It felt like walking through a different world at times. I was in the middle of South Dakota, along the banks of the Missouri River, yet I heard what sounded like the waves of the Pacific crashing against the shore. The grass was khaki in color with green dispersed through ought, slowly taking over. The wind whipped through my hair, through my clothes and at the wrong times, through my bones.
And so I walked. I walked and I prayed. I prayed that the ticks I was finding on my clothes didn’t make their way to my flesh for a mid morning snack. I prayed for refreshment, for refocusing. I prayed for the fruit of the Spirit to manifest in me as I ministered to those I have been called to shepherd. I prayed that God would grant me the tools I needed to continue to serve him.
Monday morning, taking the day off, I drove down to Pease Creek Recreation Area. A place just south of Geddes, SD. I took a horse trail, with evidence of being recently used. I noticed my foot prints, my big feet, making impressions next to the horse hooves, making indentations into the sand deeper at times that the hoof print that was there. I walked along the narrow trail breathing in the fresh air. Breathing in the life and world around me.
One thing I’ve learned about these prayer walks (save for the fact that they are roughly 12 activity points with Weight Watchers) is that when I pray for God to meet me there, He is there. Or, the fact that I am meeting him there. It is some awesome coming together that makes me walk away each time in peace and wonderment. I come on these prayer walks with my Creator to be refreshed, renewed, and refocused.
But he is more than just my creator. He is my strength while I’ve been weak. It has been hard to limp along these last 6 months. Frak, it’s been more than that. I’ve been limping along since my ear infection. I’ve been weak since July of last year. And He’s been my strength. He has been the one, through His Holy Spirit, strengthening me, giving me the spiritual muscles that I so need during these times.
I followed this unknown trail, thinking of so many times, in prayerful walking obedience, I followed trails and paths that God had laid out for me in the past. He’s been faithful to me. He is faithful to me now. And He’ll continue to be faithful to me in the future. As I followed this path, I came to an inlet. The best I can explain it is a lagoon, formed by the Missouri River, hiding in plain sight. The waves were lapping the shoreline as they had been further north, but with the wind, the waters were still rough.

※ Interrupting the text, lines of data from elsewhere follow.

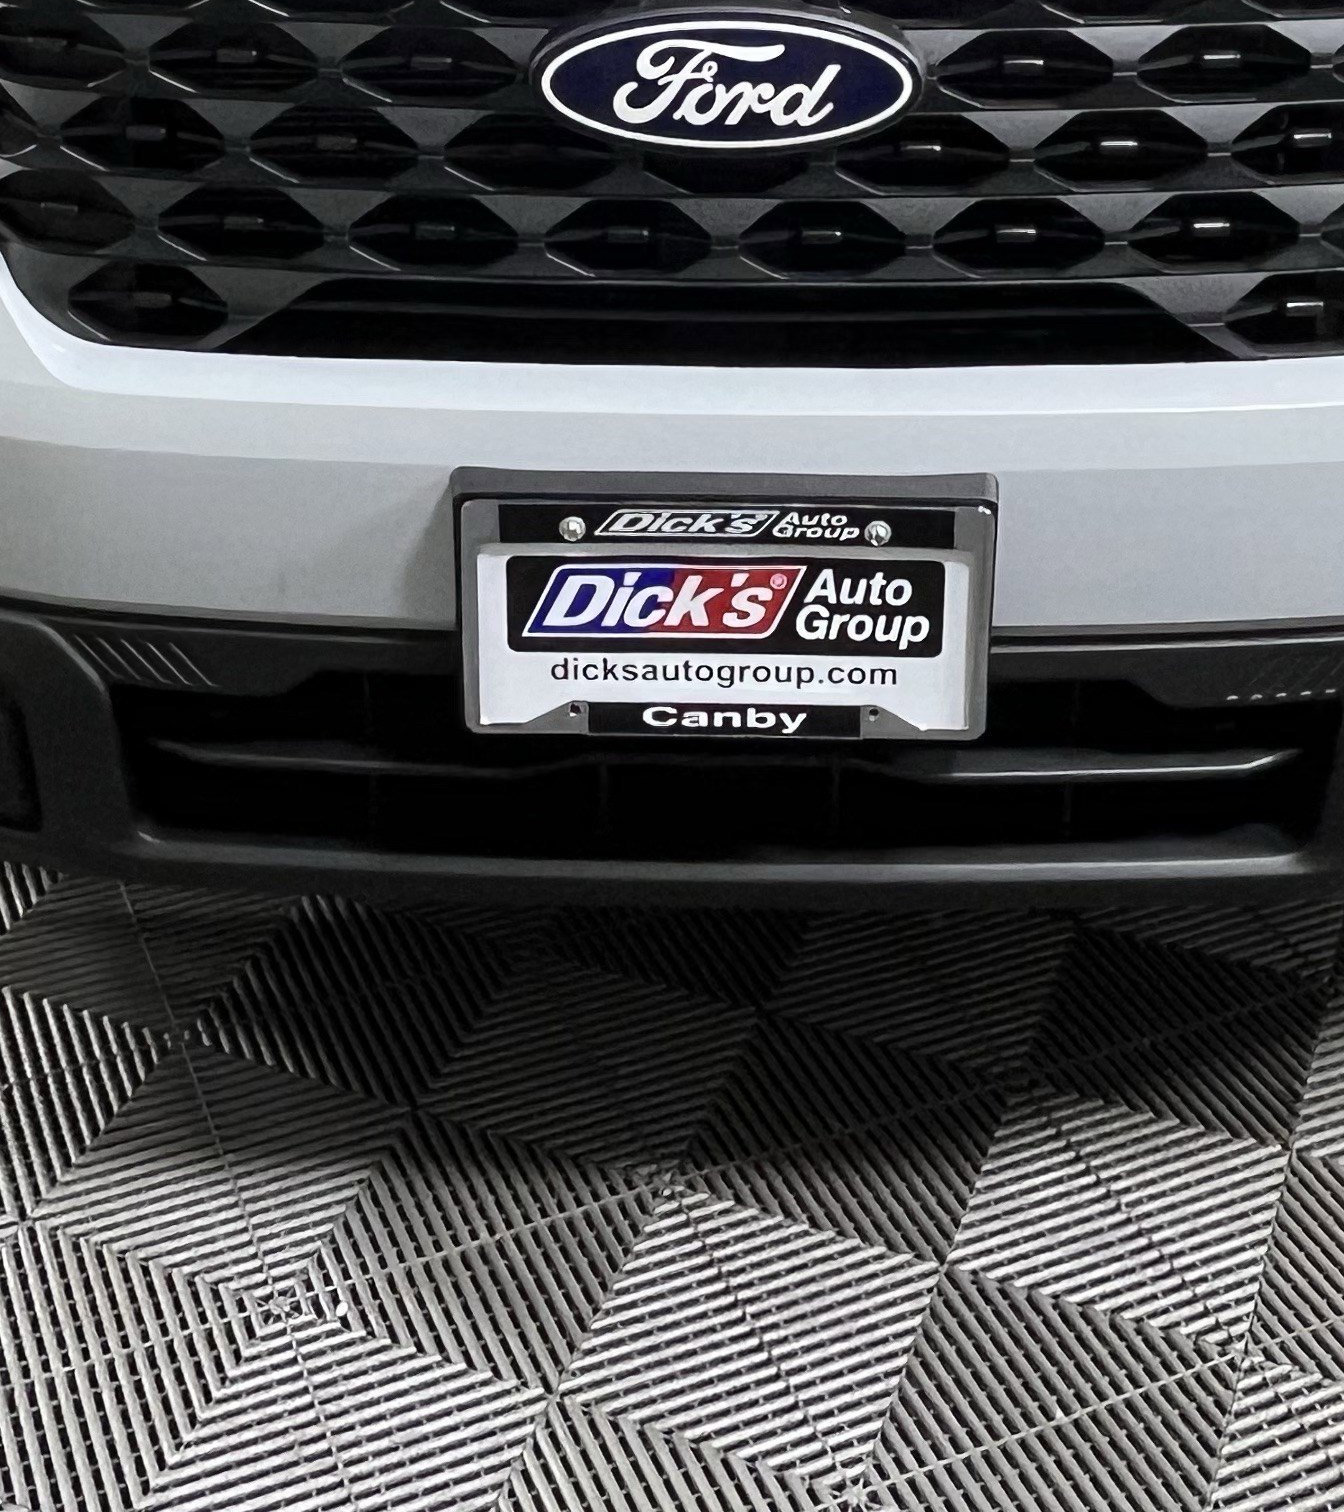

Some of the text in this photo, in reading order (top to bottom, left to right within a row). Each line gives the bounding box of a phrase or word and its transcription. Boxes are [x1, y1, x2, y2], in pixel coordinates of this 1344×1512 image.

[613, 39, 841, 126] Ford
[608, 511, 768, 535] Dick's
[772, 524, 860, 541] Group
[781, 511, 849, 528] Auto
[804, 570, 913, 607] Auto
[796, 605, 930, 650] Group
[550, 659, 898, 688] dicksautogroup.com
[642, 706, 808, 734] Canby
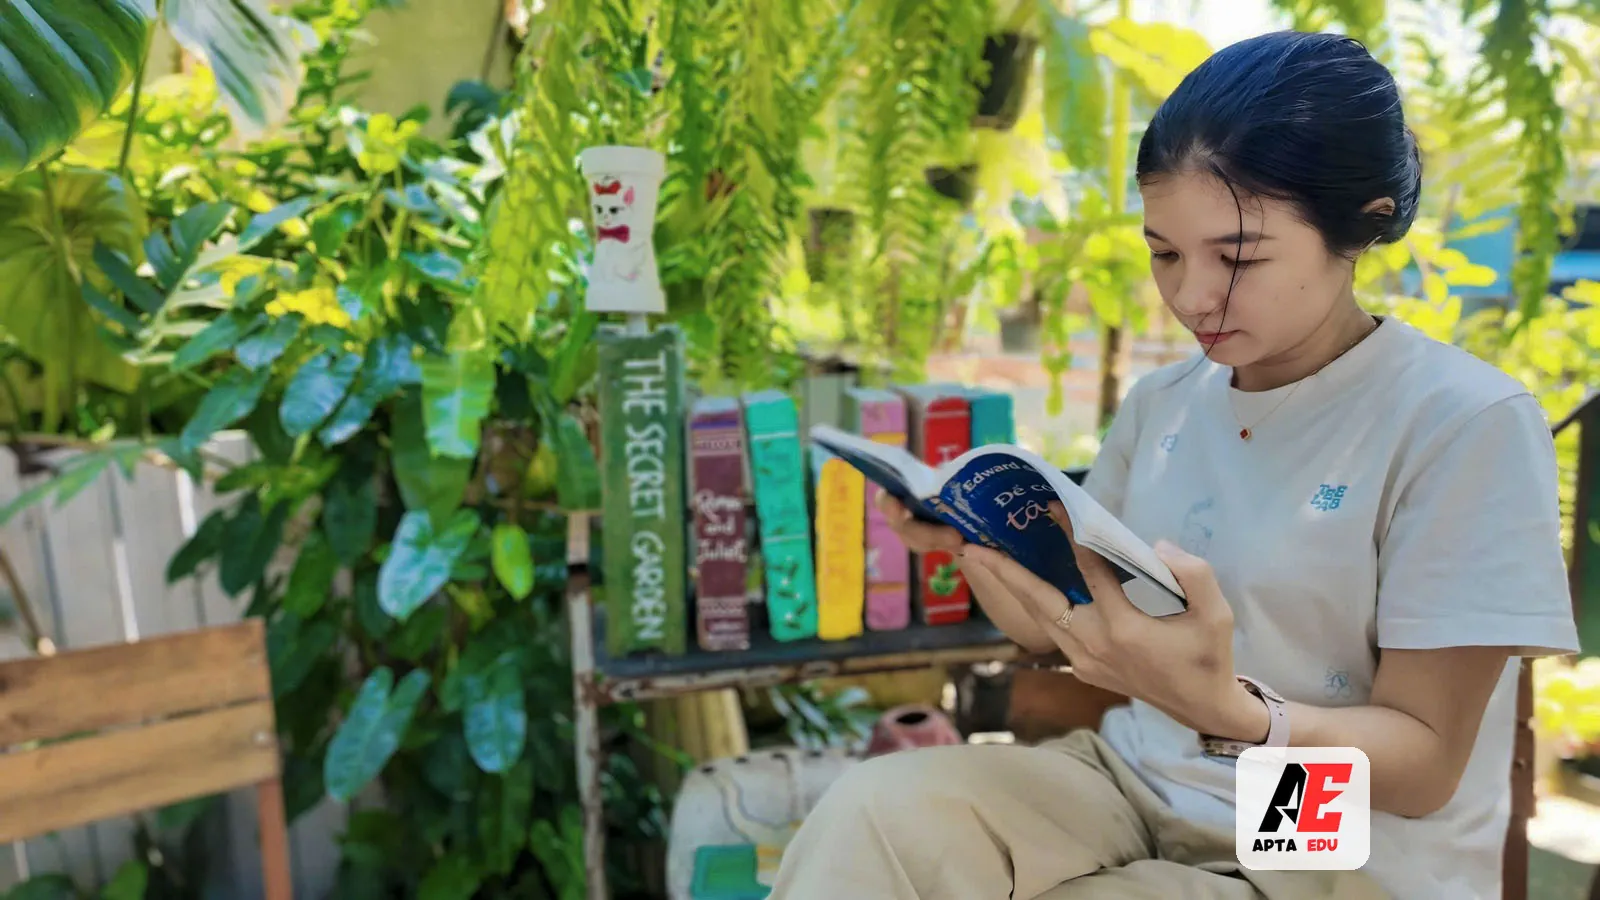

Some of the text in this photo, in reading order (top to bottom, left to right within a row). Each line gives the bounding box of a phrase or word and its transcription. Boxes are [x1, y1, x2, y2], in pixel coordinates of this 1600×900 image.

[962, 462, 1020, 493] Edward
[622, 350, 668, 640] THE SECRET GARDEN
[703, 513, 736, 535] and

I stood there, looking at the beauty of it all around me. The bluffs all around. This so could have been Drakes Bay. The fabled beach head where Sir Francis Drake was to have landed in California. A place I’d been to so many times when I was younger. It could have been any place along the California coast line. It could have been anywhere along the Michigan coastline, where the mitten comes to a head at the Mackinaw Bridge, connecting the UP with the lower peninsula.
I stood there for a while, breathing in the air, thanking God for this gift that He was giving me. The trail continued on past this point, but I knew that as far as I hiked, the return trip would be just as long. Sadly, it was time to go back.

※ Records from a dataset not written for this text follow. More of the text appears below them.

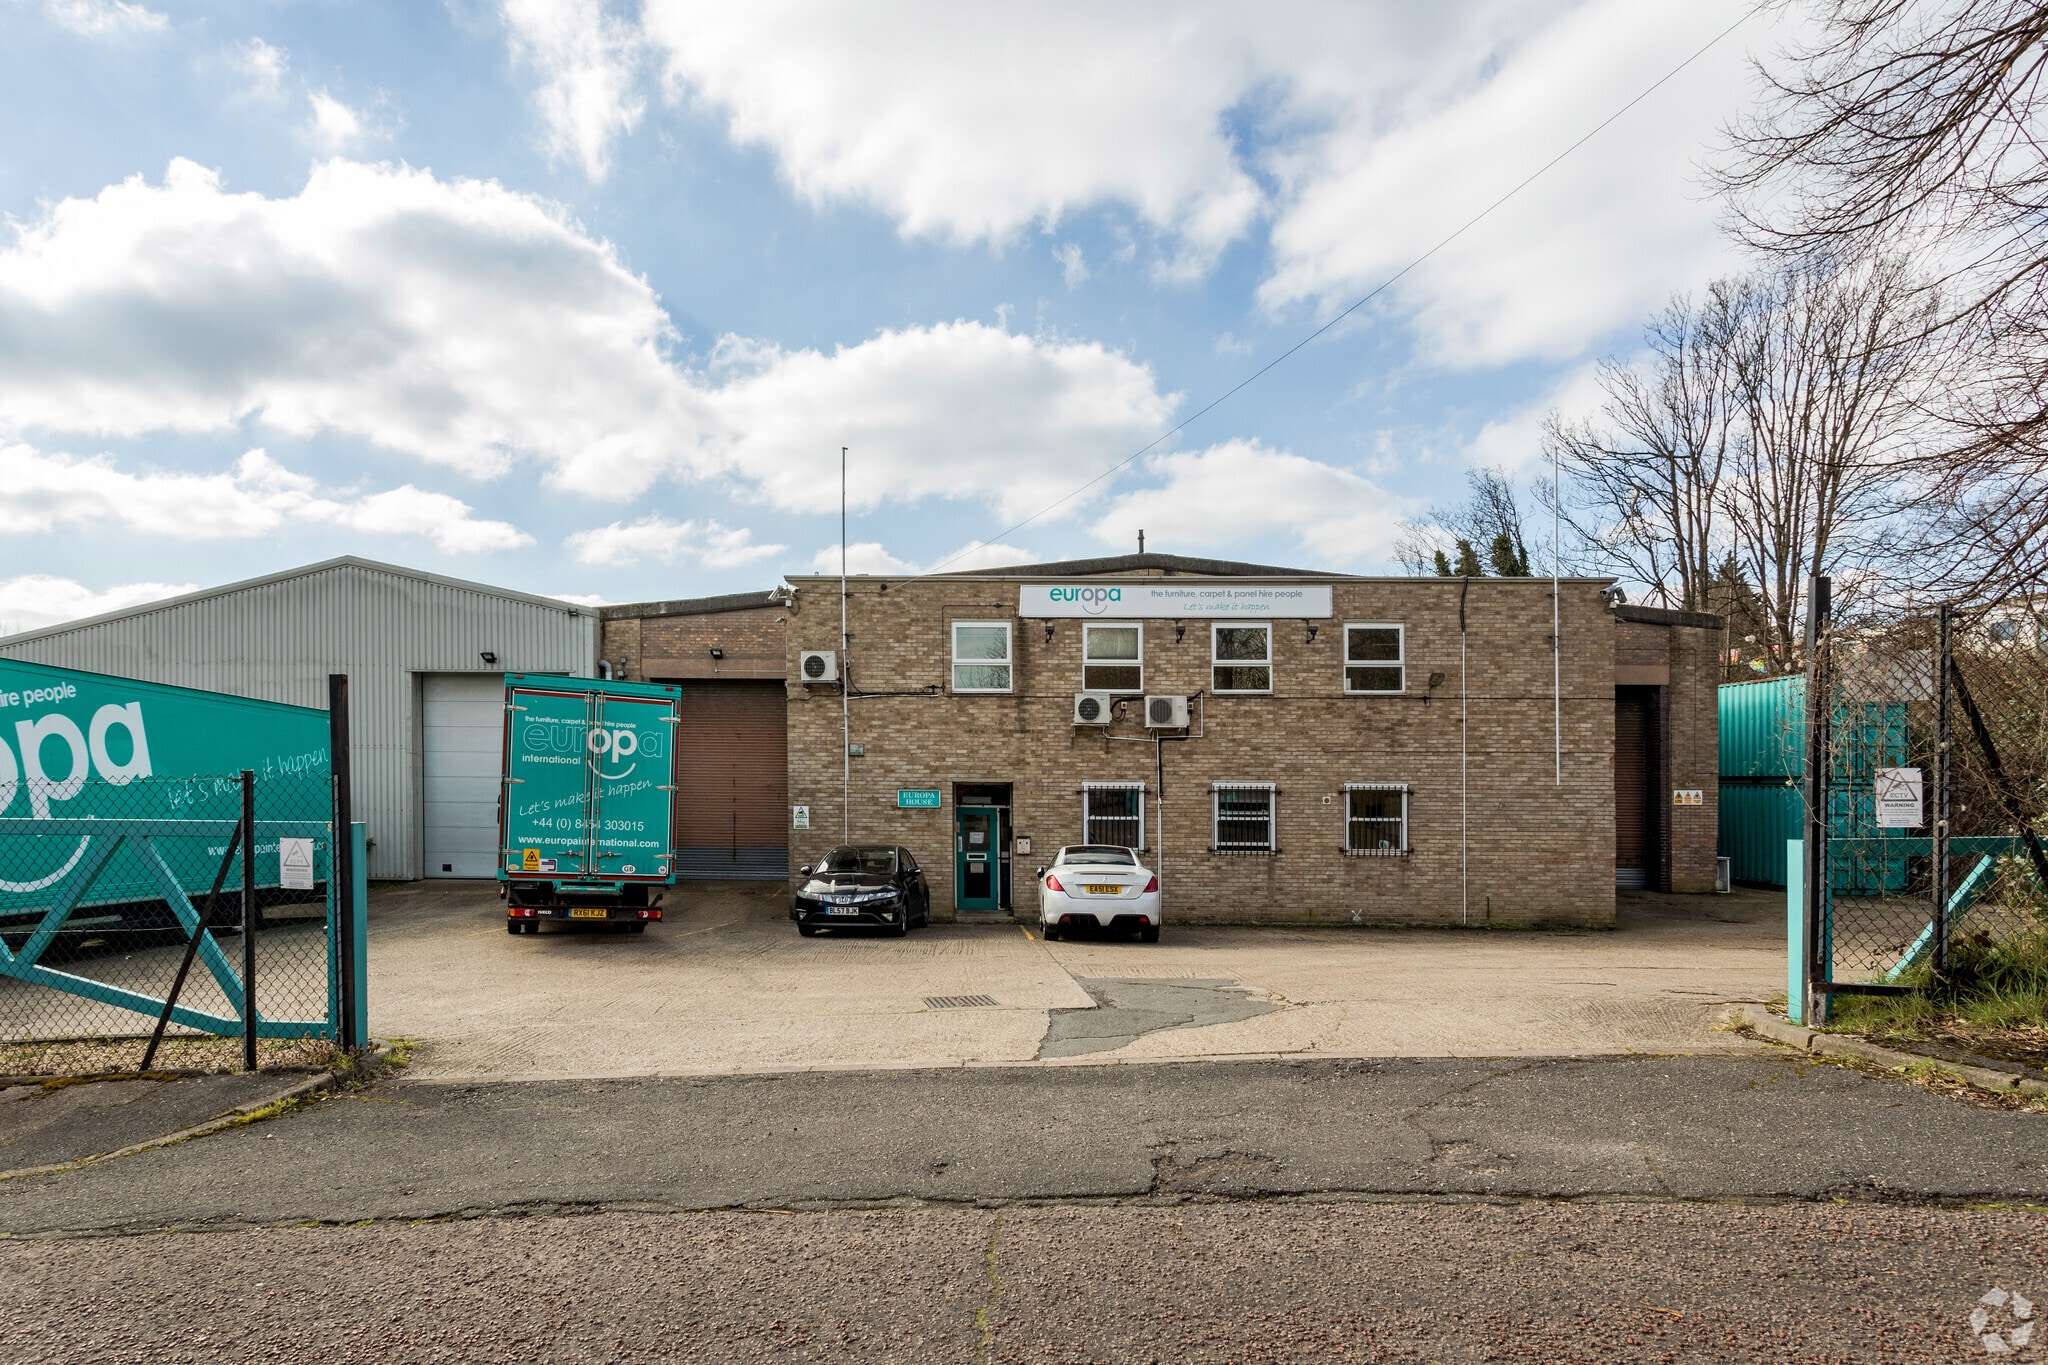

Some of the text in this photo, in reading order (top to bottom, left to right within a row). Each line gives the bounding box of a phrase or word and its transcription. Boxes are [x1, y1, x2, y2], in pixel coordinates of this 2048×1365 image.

[1049, 587, 1121, 606] europa
[1151, 590, 1303, 599] the furniture, carpet & panel hire people
[1206, 603, 1230, 611] make
[1231, 603, 1238, 611] it
[1241, 603, 1270, 613] happen
[23, 681, 77, 708] people
[523, 723, 663, 763] europa
[262, 756, 274, 781] it
[277, 747, 329, 780] happen
[522, 753, 581, 765] international
[0, 701, 153, 837] pa
[519, 780, 653, 816] Let's make it happen
[532, 818, 553, 829] +44
[556, 817, 572, 830] (0)
[604, 820, 645, 831] 303015
[623, 865, 634, 873] GB
[590, 909, 605, 917] KJZ

As I walked back (occasionally checking for ticks) I felt that refreshment, that renewal I needed to start off my work for Holy Week later in the day. As I hiked back, I saw a trail sign. Feeling proud of myself for taking such a hike, I was sure I had hiked at least 3/4 of the trail. I saw the sign, so much ahead of me, I had barley scratched the surface of what the trail had to offer.
That is how it is with my prayer walks, I’ve been realizing. Not only am I offered exercise during a time where I feel most weak, but I am given refreshment when I’m the thirstiest. I am given renewal when I’m the most tired. And when I come to my Father in heaven in deep prayer, I am only scratching the surface of what he is capable of.
And so, next week I’ll return to pray and hike and get 12 points. Maybe not to the same place, but I return to my God, my savior, my provider, my sustainer, my Father and friend. I’ll return in prayer, just scratching the surface, wanting and willing to go even deeper than the last time.